À l'issue des tout premiers tours de piste de la saison à Jerez, en Espagne, le directeur technique de Red Bull a dû retourner à sa planche à dessin. «Les nouvelles voitures sont très compliquées, surtout au niveau du moteur, a concédé Adrian Newey. Le turbo n'a rien de nouveau en F1. En revanche, côté électrique, c'est très compliqué et ça demande une certaine discipline.»

Motoriste des écuries Red Bull, Toro Rosso, Lotus et Caterham, Renault F1 a qualifié ce changement de réglementation à la fois de «gros défi» et de «belle opportunité» qui va «permettre à la F1 de se replacer à l'avant-garde de la technologie».

Un discours qui ne convainc pas tout le monde. Et surtout pas les plus influents des paddocks. Bernie Ecclestone en tête.

Le grand argentier de la F1 n'est pas tendre avec ces nouveaux moteurs et les équipes: «Les écuries veulent économiser de l'essence, mais elles n'ont pas besoin de nouveaux moteurs pour y parvenir. Elles n'ont qu'à avoir de plus petites caravanes, ainsi elles n'auraient pas besoin d'autant de camions qui roulent partout en Europe. Mercedes utilise 23 camions. Si elles veulent économiser de l'essence, elles devraient arrêter avec ça.»

La F1 en sourdine?

Bernie Ecclestone n'apprécie pas non plus la sonorité plus discrète de ces moteurs V6 hybrides. «Les gens veulent du bruit, des sensations spéciales.
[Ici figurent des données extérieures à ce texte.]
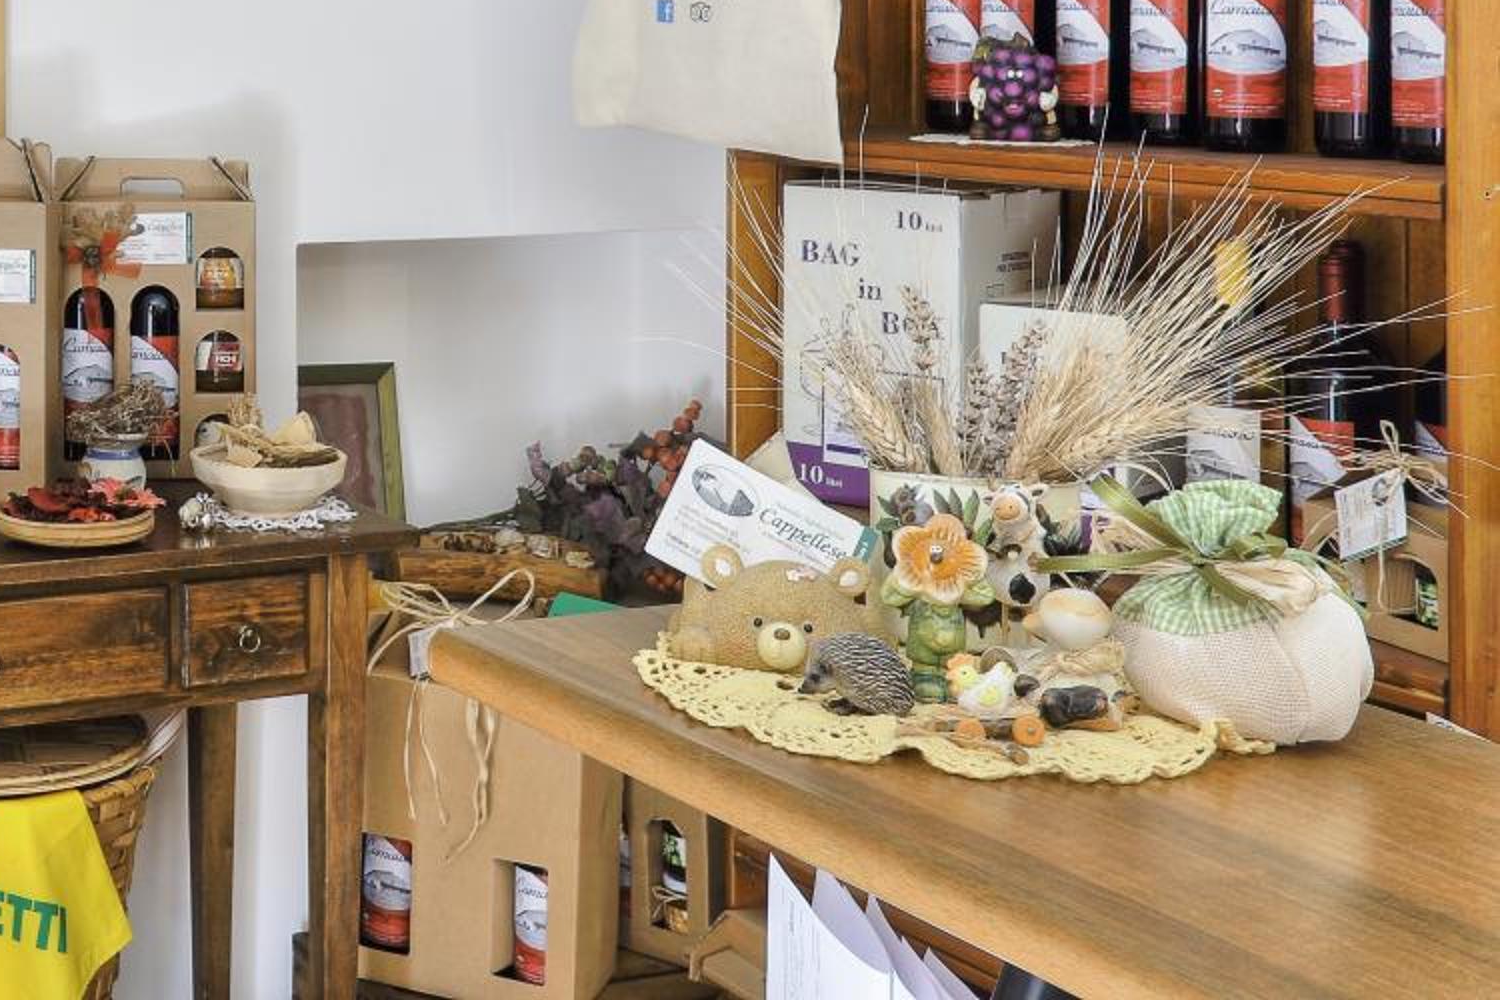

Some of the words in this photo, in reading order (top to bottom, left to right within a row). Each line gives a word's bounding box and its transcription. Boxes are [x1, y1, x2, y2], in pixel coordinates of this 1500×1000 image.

Et là nous avons des moteurs silencieux.»

«Les voitures ont besoin de faire du bruit, de sentir une odeur particulière, de vous laisser un souvenir que vous n'oublierez pas», a rappelé en fin de saison dernière le champion du monde Sebastian Vettel.

Et c'est vrai que ce nouveau moteur est plus silencieux que son prédécesseur. Au point où les pilotes ont du mal à en discerner le bruit sous leur casque. «Cela change beaucoup les références. Avant, on descendait les rapports dans les virages en fonction du bruit du moteur. Là, il va falloir s'adapter et les compter», a estimé Romain Grosjean.

Ces nouveaux moteurs vont-ils totalement conditionner la saison qui s'ouvre dimanche à Melbourne? Ils ne sont plus accessoires en tout cas, aux yeux du quadruple champion du monde Alain Prost, interrogé à ce sujet par L'Équipe en début d'année.

«Il y aura des différences possibles, surtout au début de saison, dans la performance, la fiabilité et l'intégration dans le châssis, a-t-il jugé. [...] On repart pratiquement d'une feuille blanche. Les écuries qui avaient un gros avantage, avec un ensemble châssis-moteur abouti, doivent recommencer à zéro. Et d'autres comme Ferrari et McLaren vont peut-être réussir à repartir d'une base saine.»